Fecha de defensa: 06 de de setembre de 2018

Tribunal:
  1. Juan Antonio Fernández Manzano President
  2. Sissi Cano Cabildo Secretària
  3. Alfonso Ballesteros-Soriano Vocal
  4. Agustín Serrano de Haro Martínez Vocal
  5. José Manuel Chillón Lorenzo Vocal
Departament:
  1. Filosofía y Sociedad

Tipus: Tesi

Resum

The aim of this dissertation is to show the analysis of Hannah Arendt's modern concept of history and the reasons she tries to destroy it. During the work I demonstrate that Arendt applies to the modern concept of history the deconstructive regression that Heidegger uses to dismantle the history of Western metaphysics. I exhibit that there are hermeneutical and political reasons for Arendt’s procedure. Hermeneutically Arendt wishes to understand a world where totalitarian atrocities have been possible. Politically he wants to recover the common world of human beings so that the free action of them is possible. This link between hermeneutics and politics motivates that, after the analysis of the totalitarian phenomenon of The Origins, Arendt starts a more ambitious project: the analysis of the modern age. As a result Arendt links the politics carried out by totalitarianism with a concept of history that emerged in modern times. My claim is that, in order to free the possibilities of understanding and of political action, Arendt not only analyzes, but destroys the modern concept of history and subsequently emerges the event as a new historical category, hermeneutics and politics.
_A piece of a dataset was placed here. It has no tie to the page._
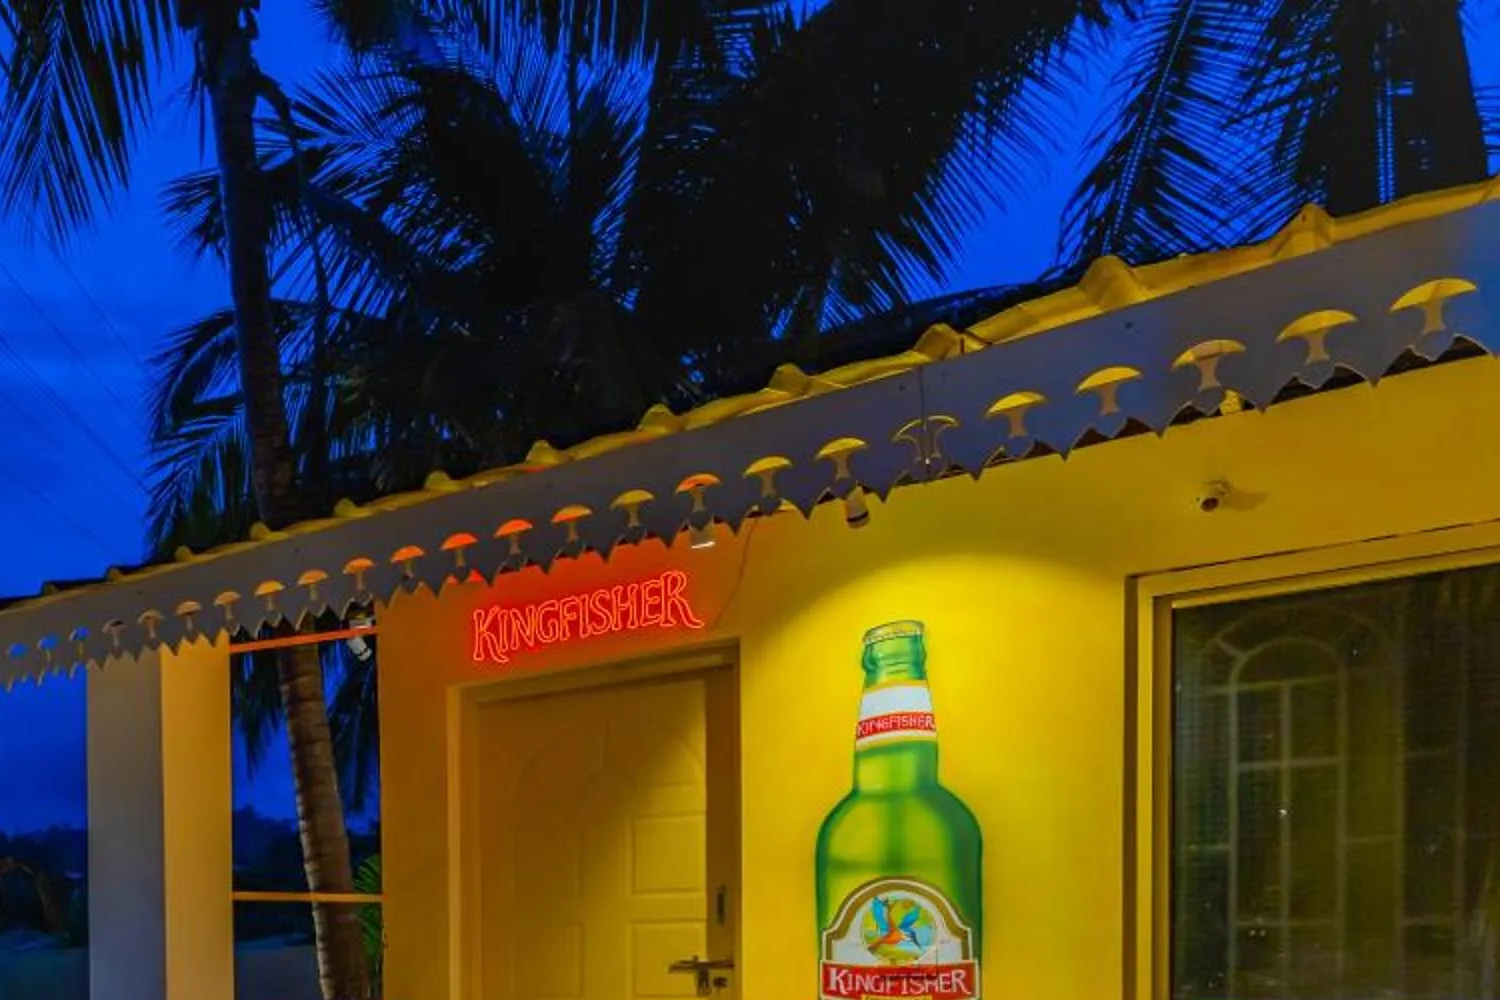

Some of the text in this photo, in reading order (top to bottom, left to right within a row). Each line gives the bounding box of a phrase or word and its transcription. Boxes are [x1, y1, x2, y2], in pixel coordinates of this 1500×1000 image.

The general conclusion of my research is that Arendt achieves her goal only by half and this fundamentally for two reasons. First of all because, despite the repudiation of contemplation, Arendt does not manage to detach herself totally from the contemplative history (representative of the modern concept of history). Secondly, because her thinking is crossed by the phenomenological tension between typology and hermeneutics, which emerges when she poses the possibility of a history, a judgment and a policy built from the event.